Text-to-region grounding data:

□ □ □ □

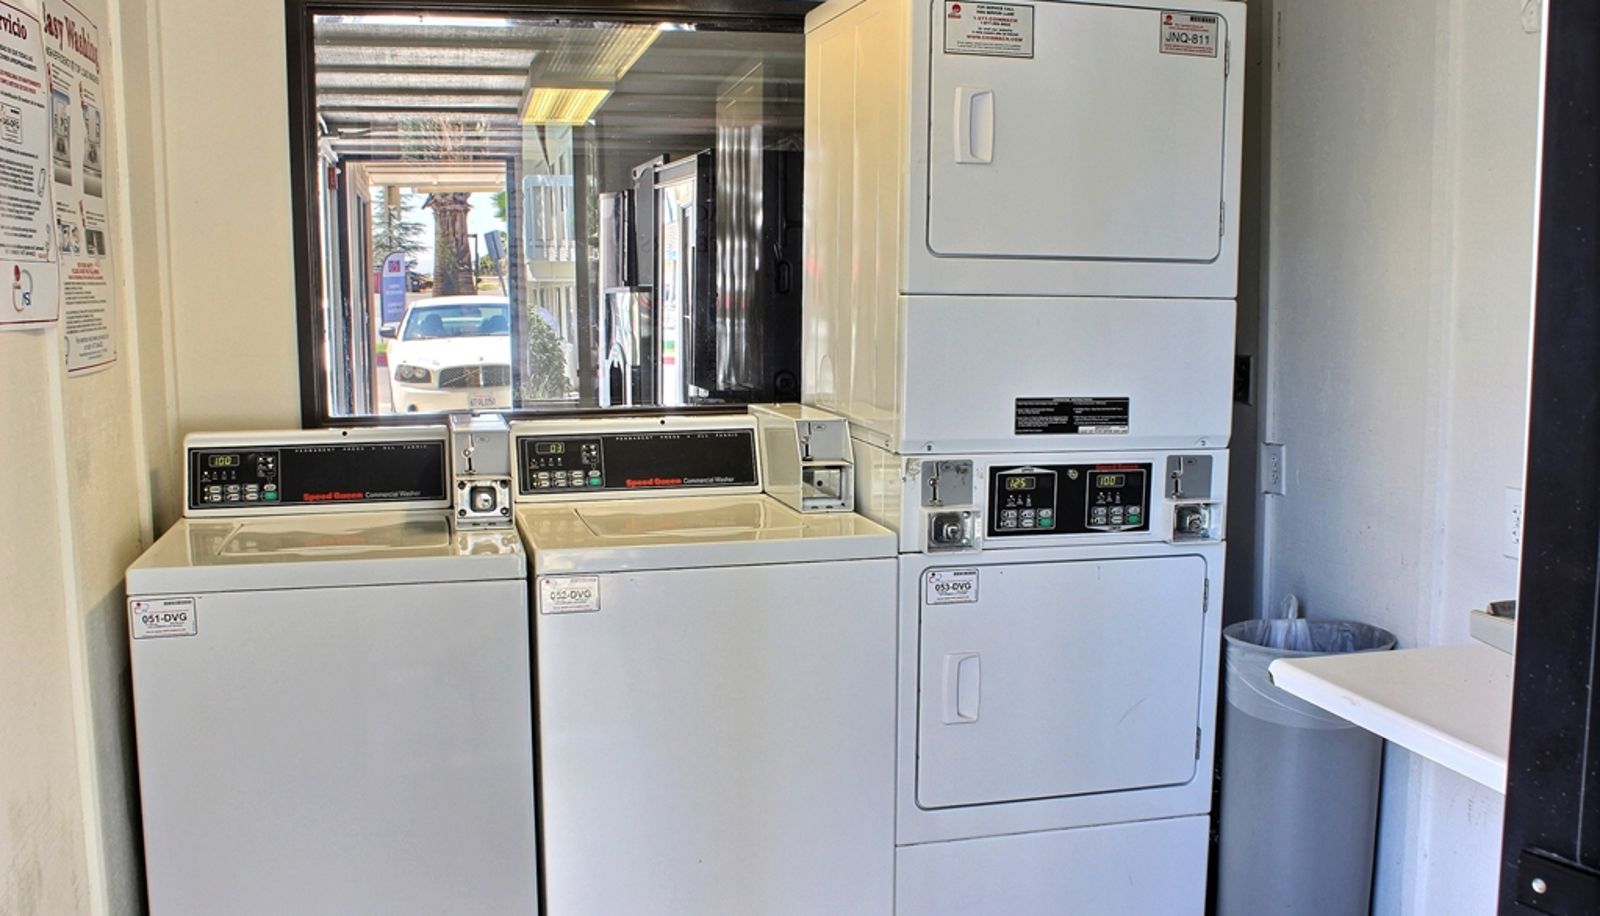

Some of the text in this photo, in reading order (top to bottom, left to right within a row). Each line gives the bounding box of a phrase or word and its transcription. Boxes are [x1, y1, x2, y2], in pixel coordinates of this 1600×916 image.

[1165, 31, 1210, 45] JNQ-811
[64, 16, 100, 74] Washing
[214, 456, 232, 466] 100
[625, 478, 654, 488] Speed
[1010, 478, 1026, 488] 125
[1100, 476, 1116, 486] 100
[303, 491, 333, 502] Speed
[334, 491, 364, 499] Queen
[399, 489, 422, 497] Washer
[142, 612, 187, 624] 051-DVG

□ □ □ □

Each record above is to be restated exactly, with its pictures removed from the copy.

Some of the text in this photo, in reading order (top to bottom, left to right within a row). Each line gives the bounding box of a phrase or word and its transcription. Boxes are [x1, y1, x2, y2], in pixel coordinates of this 1600×916 image.

[1165, 31, 1210, 45] JNQ-811
[64, 16, 100, 74] Washing
[214, 456, 232, 466] 100
[625, 478, 654, 488] Speed
[1010, 478, 1026, 488] 125
[1100, 476, 1116, 486] 100
[303, 491, 333, 502] Speed
[334, 491, 364, 499] Queen
[399, 489, 422, 497] Washer
[142, 612, 187, 624] 051-DVG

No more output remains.